Causely can detect problem conditions from your trace data and assemble a graph of the issue - it can then correlate this with its own models to identify root causes. By taking this approach it can achieve a higher level of determinism whilst needing less raw data and less compute power. What is interesting is that Causely can use its expert knowledge to define a potential or actual problem autonomously. It can then combine this intelligence with its knowledge of the service graph to predict effects on dependent services. In the example below it has identified an Inefficient Locking issue:
We can then drill down and see the components affected by this issue:
Many monitoring systems identify errors on the basis of testing binary states or predefined signals and codes - e.g. pinging an endpoint or capturing output to stderr. On the basis of these videos Causely is able to autonomously identify which values in a dataset may represent a problem state - it does not have to be 'trained' to search for predefined, thresholds or ranges. If this is the case, then this is an advanced capability absent from most other products on the market.

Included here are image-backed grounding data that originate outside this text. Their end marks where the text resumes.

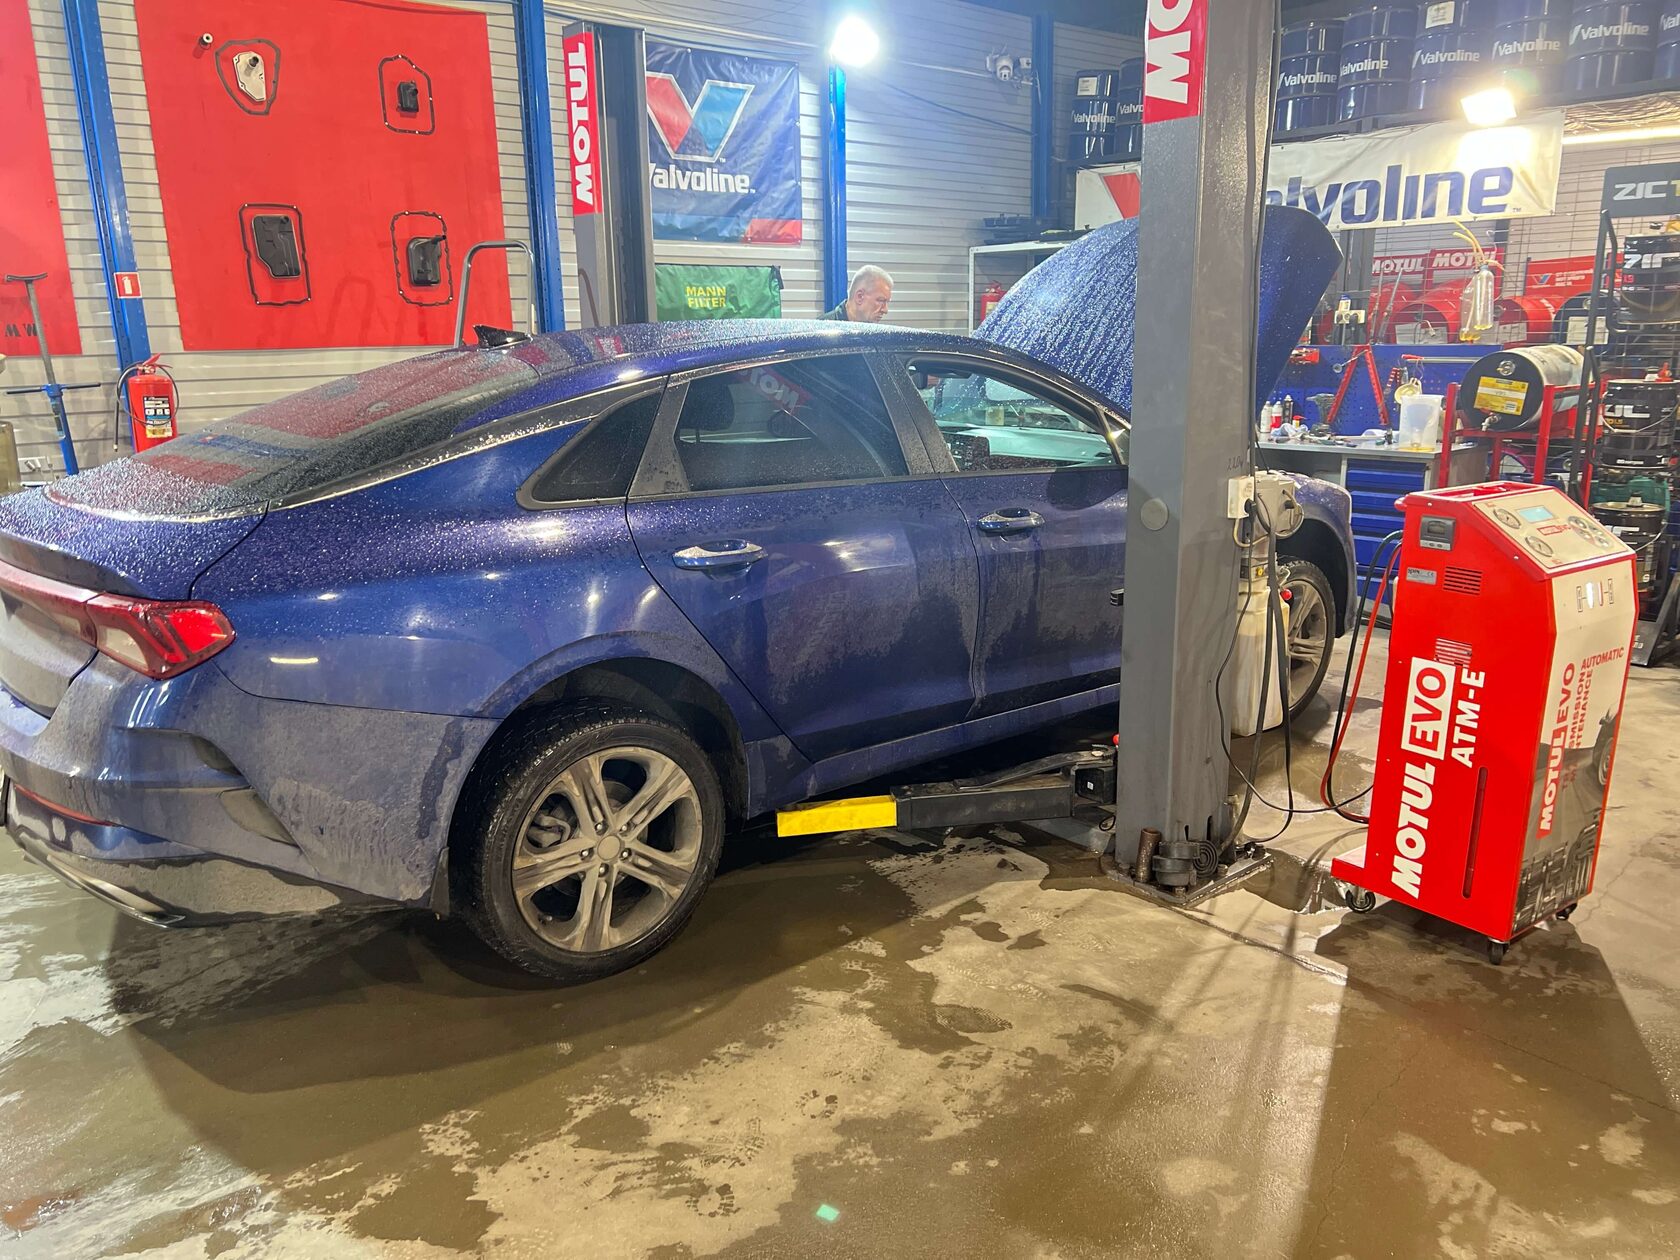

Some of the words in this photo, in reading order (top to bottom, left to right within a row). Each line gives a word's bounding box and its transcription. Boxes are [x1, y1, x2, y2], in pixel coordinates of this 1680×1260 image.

[1581, 22, 1650, 41] Valvoline
[1498, 38, 1561, 56] Valvoline
[1420, 49, 1480, 65] Valvoline
[1284, 71, 1338, 87] Valvoline
[568, 43, 594, 205] MOTUL
[1073, 112, 1116, 123] Valvoline
[1613, 180, 1668, 201] ZIC
[1371, 257, 1425, 274] MOTUL
[685, 286, 727, 297] MANN
[687, 297, 727, 309] FILTER
[1580, 647, 1625, 671] AUTOMATIC
[1408, 666, 1447, 752] EVO
[1451, 668, 1486, 768] ATM-E
[1539, 730, 1566, 831] MOTUL
[1556, 662, 1576, 725] EVO
[1391, 762, 1436, 899] MOTUL

The second video looks at a common scenario - asynchronous failures in a distributed services system. The screenshot below depicts the architecture for a sample application:
We can see that if there is a failure in the RabbitMQ service, it will cascade in multiple directions. At this point, many monitoring systems may start sending discrete streams of error messages for each of the affected services - but without linking them to a root cause. In Causely, these individual error conditions can be viewed in the Symptoms screen:
In the defects screen, Causely will display a list of error conditions which are at the root of downstream issues:
We can see here that one of our defects is a memory failure in the RabbitMQ instance. If we now click on this we can view the causality chain of affected services:
This gives great visibility of the system-wide impact of a root defect. What is also really interesting here is that Causely does not restrict itself just to displaying outages or run time errors, it is also able to identify downstream conditions such as latency issues. Another really powerful feature is Causely's ability to use its understanding of system relationships to perform what-if analysis. The screenshot below shows Causely's 'Potential Defects' screen.
What is fascinating here is that these are potential scenarios. These are faults that have not yet happened. For the purposes of preventative maintenance though, we can now drill down and gain an understanding of the possible impacts:
This is a useful tool for preventive maintenance, SLO management and site reliability planning.

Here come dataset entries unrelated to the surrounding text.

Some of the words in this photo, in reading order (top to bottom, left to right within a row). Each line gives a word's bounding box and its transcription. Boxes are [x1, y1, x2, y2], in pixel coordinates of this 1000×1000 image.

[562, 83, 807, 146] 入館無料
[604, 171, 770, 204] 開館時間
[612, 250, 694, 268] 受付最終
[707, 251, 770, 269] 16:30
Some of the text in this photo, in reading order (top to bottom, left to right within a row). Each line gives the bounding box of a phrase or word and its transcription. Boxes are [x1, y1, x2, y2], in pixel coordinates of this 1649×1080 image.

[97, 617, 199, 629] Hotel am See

Today's enterprise software systems can represent significant challenges when engineering teams need to tackle errors and outages. Applications tend to have more layers of abstraction, more pluralistic architectures and vastly more complex graphs. In these scenarios, failures tend to be not only more costly but also more difficult to locate. A tool that can apply expert knowledge and trace an error back through several system layers to its point of origin can be of immense value.

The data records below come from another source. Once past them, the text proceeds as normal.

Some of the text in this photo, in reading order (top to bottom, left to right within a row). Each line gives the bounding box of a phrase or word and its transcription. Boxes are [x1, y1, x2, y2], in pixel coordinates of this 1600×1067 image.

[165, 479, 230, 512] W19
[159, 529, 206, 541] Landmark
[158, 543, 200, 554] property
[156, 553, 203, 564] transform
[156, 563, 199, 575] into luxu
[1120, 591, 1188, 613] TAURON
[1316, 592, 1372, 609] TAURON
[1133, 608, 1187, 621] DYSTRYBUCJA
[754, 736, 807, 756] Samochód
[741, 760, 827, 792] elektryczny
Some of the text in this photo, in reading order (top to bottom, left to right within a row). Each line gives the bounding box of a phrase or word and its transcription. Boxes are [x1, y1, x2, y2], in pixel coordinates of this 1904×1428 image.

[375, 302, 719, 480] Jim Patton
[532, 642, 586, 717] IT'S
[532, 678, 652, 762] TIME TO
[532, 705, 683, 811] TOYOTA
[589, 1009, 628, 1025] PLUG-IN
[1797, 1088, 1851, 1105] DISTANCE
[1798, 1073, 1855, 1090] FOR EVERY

Causely is not intended to be a replacement for your existing observability stack. As an integration into your existing system however, it has the potential to massively reduce MTTR and enhance reliability.
I would like to express my gratitude to Andrew Mallaband for all of his help and advice in preparing this article. I would highly recommend getting in touch with him if you are looking for a guide in navigating this terrain.
If you are interested in the field of Causal Science, then the best starting point is probably The Book of Why by Judea Pearl - who is widely regarded as the leading authority in the field.
If you want to keep up with the latest news on Causal AI then I would highly recommend subscribing to the Causely newsletter.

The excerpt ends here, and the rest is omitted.